» **What needs to be done**
Go through the records and set each one down exactly, skipping any picture.

Annotated photo localization data:
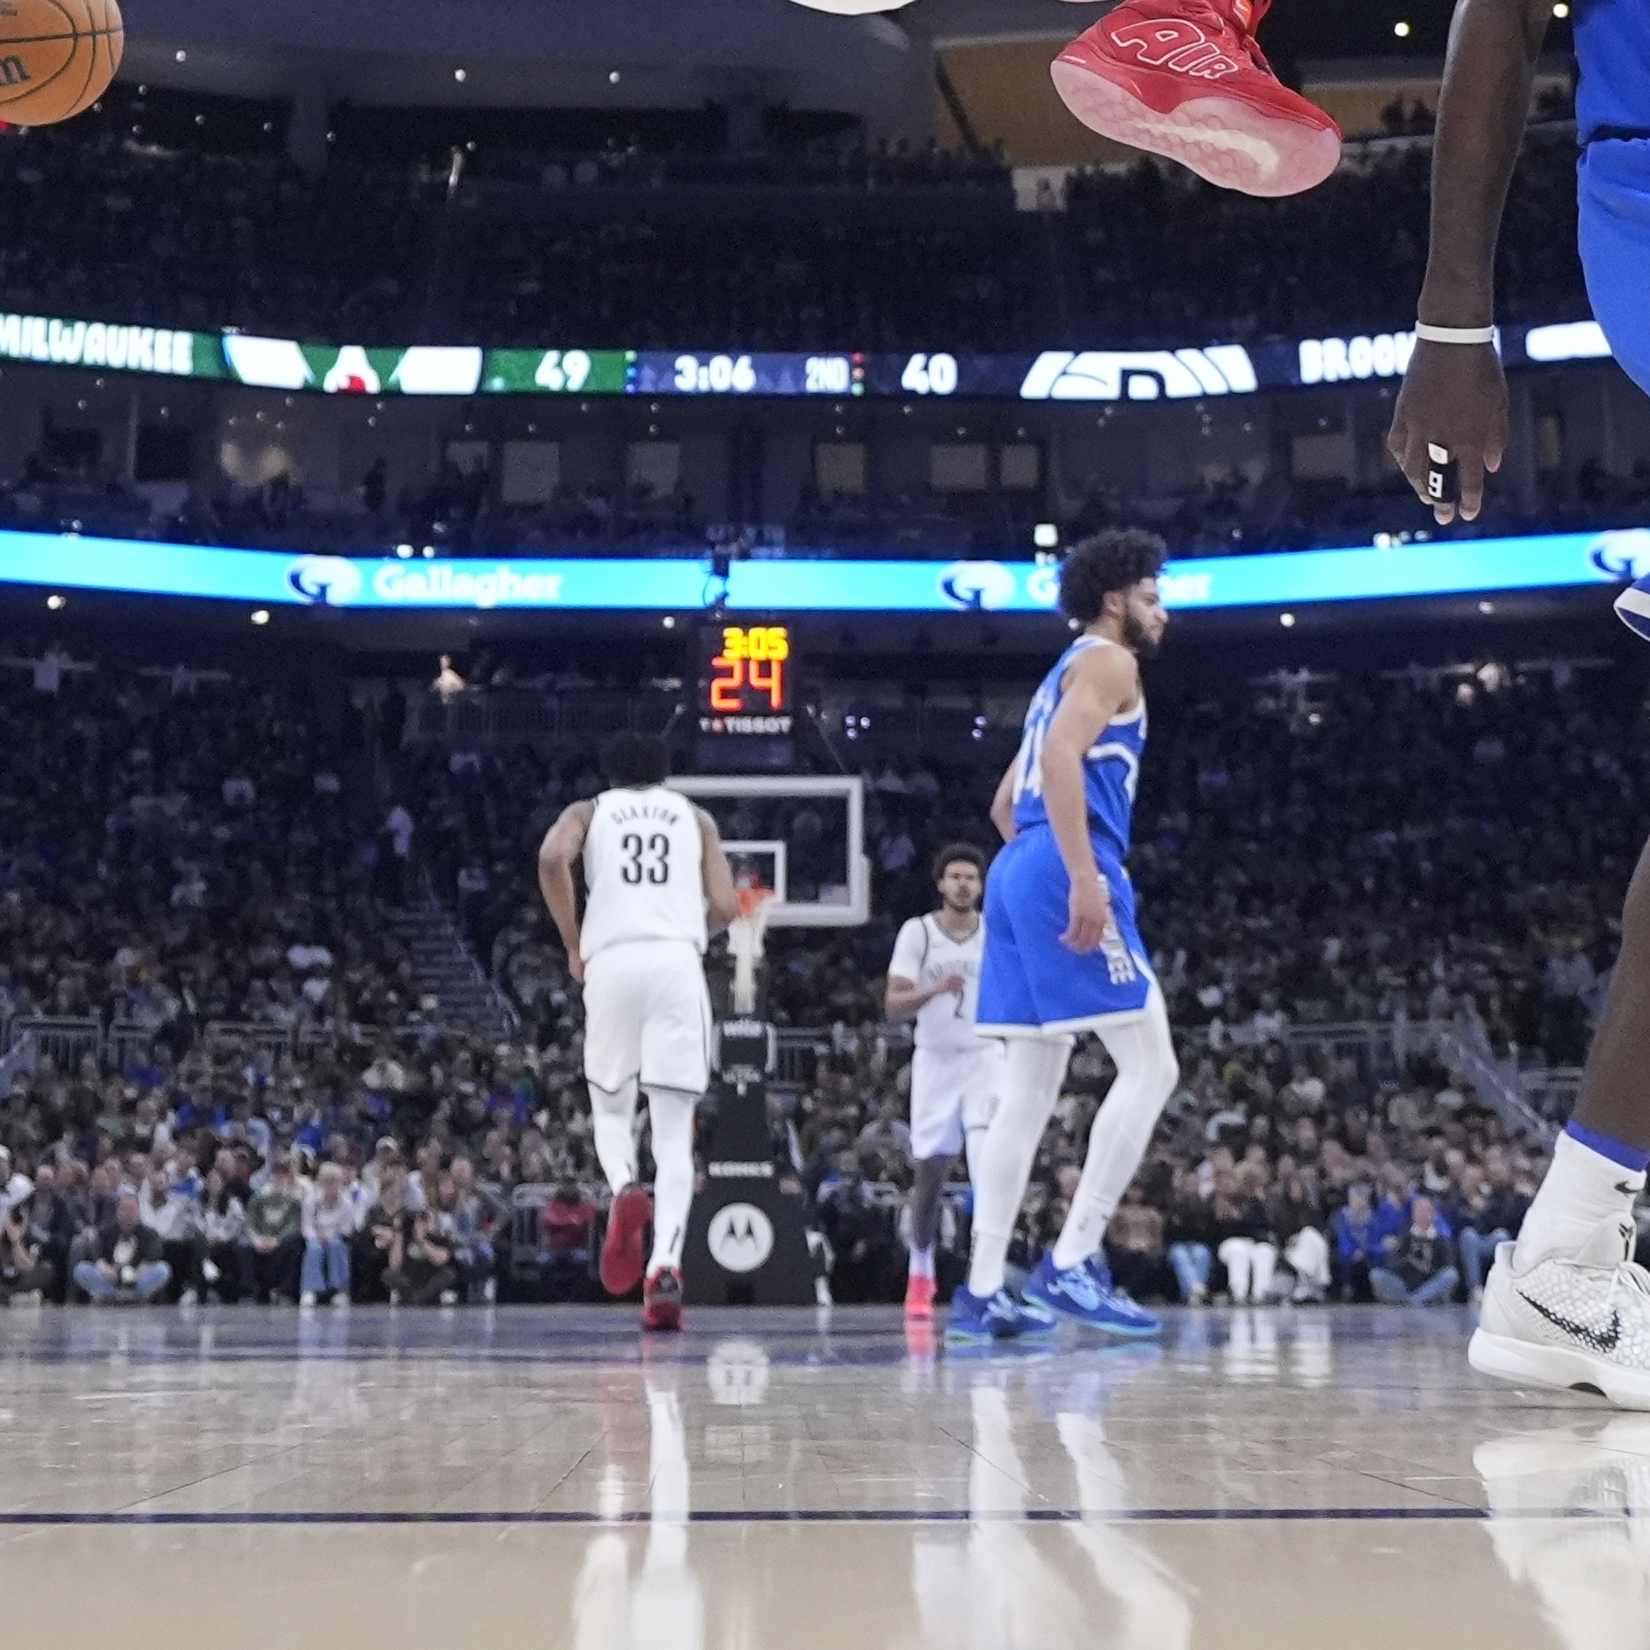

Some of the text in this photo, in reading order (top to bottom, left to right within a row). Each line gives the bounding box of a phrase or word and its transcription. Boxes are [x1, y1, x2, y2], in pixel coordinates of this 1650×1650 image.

[1111, 18, 1238, 81] AIR
[535, 349, 592, 392] 49
[674, 354, 758, 393] 3:06
[806, 356, 849, 392] 2ND
[901, 353, 958, 394] 40
[1299, 330, 1418, 384] BROOK
[1427, 469, 1444, 499] 9
[372, 563, 563, 609] Gallagher
[722, 626, 789, 661] 3:05
[710, 655, 783, 711] 24
[620, 832, 670, 885] 33

» **Answer box**
Some of the text in this photo, in reading order (top to bottom, left to right within a row). Each line gives the bounding box of a phrase or word and its transcription. Boxes are [x1, y1, x2, y2], in pixel coordinates of this 1650×1650 image.

[1111, 18, 1238, 81] AIR
[535, 349, 592, 392] 49
[674, 354, 758, 393] 3:06
[806, 356, 849, 392] 2ND
[901, 353, 958, 394] 40
[1299, 330, 1418, 384] BROOK
[1427, 469, 1444, 499] 9
[372, 563, 563, 609] Gallagher
[722, 626, 789, 661] 3:05
[710, 655, 783, 711] 24
[620, 832, 670, 885] 33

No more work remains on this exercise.